With the tolerance period extended, it led to the scientists debating whether a prolonged period of injury resistance could also protect against the slow, progressive loss of neurons that characterizes neuro-degenerative diseases.
They looked at an animal model of glaucoma. The only treatments for glaucoma are drugs that reduce pressure in the eye; as yet there are no therapies to protect the retina and optical nerves from harm.
Glaucoma is categorised as a neuro-degenerative disease based on how progressively it kills retinal ganglion cells over a slow period of time. The bodies of the cells are found in the eyes retina and their branches come together in bundles and form the optic nerves. It is not known whether damage begins in the bodies or axons of the cells, but as more retinal ganglion cells die, peripheral vision loss is experienced by patients which eventually leads to blindness.
The new study, induced glaucoma in mice by tying off vessels that allow fluid to drain from the eye. This caused increased eye pressure so an assessment could be carried out as to how many cell bodies and axons of retinal ganglion cells were still intact after three or ten weeks.

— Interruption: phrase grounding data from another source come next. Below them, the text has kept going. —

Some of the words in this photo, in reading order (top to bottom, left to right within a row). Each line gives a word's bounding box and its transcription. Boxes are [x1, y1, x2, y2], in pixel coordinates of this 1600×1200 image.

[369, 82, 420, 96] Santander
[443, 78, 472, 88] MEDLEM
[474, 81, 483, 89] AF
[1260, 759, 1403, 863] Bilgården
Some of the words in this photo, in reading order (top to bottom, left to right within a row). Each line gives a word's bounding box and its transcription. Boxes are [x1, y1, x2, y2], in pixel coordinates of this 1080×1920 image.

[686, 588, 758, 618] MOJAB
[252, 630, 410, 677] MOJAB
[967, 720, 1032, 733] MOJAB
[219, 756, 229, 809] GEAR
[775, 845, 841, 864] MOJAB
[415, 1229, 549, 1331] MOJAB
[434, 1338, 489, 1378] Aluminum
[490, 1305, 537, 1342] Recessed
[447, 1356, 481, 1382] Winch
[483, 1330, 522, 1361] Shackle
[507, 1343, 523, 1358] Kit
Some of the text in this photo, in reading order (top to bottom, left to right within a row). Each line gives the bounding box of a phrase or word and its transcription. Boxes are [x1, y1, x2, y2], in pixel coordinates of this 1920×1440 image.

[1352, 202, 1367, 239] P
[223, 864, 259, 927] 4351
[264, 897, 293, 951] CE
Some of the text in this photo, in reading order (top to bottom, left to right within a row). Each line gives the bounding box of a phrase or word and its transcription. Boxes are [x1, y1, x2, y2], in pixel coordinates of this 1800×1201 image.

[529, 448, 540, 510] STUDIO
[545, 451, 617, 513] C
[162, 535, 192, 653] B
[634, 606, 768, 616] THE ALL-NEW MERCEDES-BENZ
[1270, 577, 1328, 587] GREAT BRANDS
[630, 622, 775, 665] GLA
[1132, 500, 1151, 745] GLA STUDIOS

It was reported that normal mice lost an average of 30 percent of their retinal ganglion cell bodies after 10 weeks of glaucoma. However mice that received the preconditioning before glaucoma-inducing surgery lost only 3 percent of retinal ganglion cell bodies.
There are current investigations into which genes are activated or repressed by preconditioning. It is hoped that that the change in gene activity can be identified that makes cells more resistant to damage.
Identifying these specific survival genes will assist in the development of drugs that can activate them.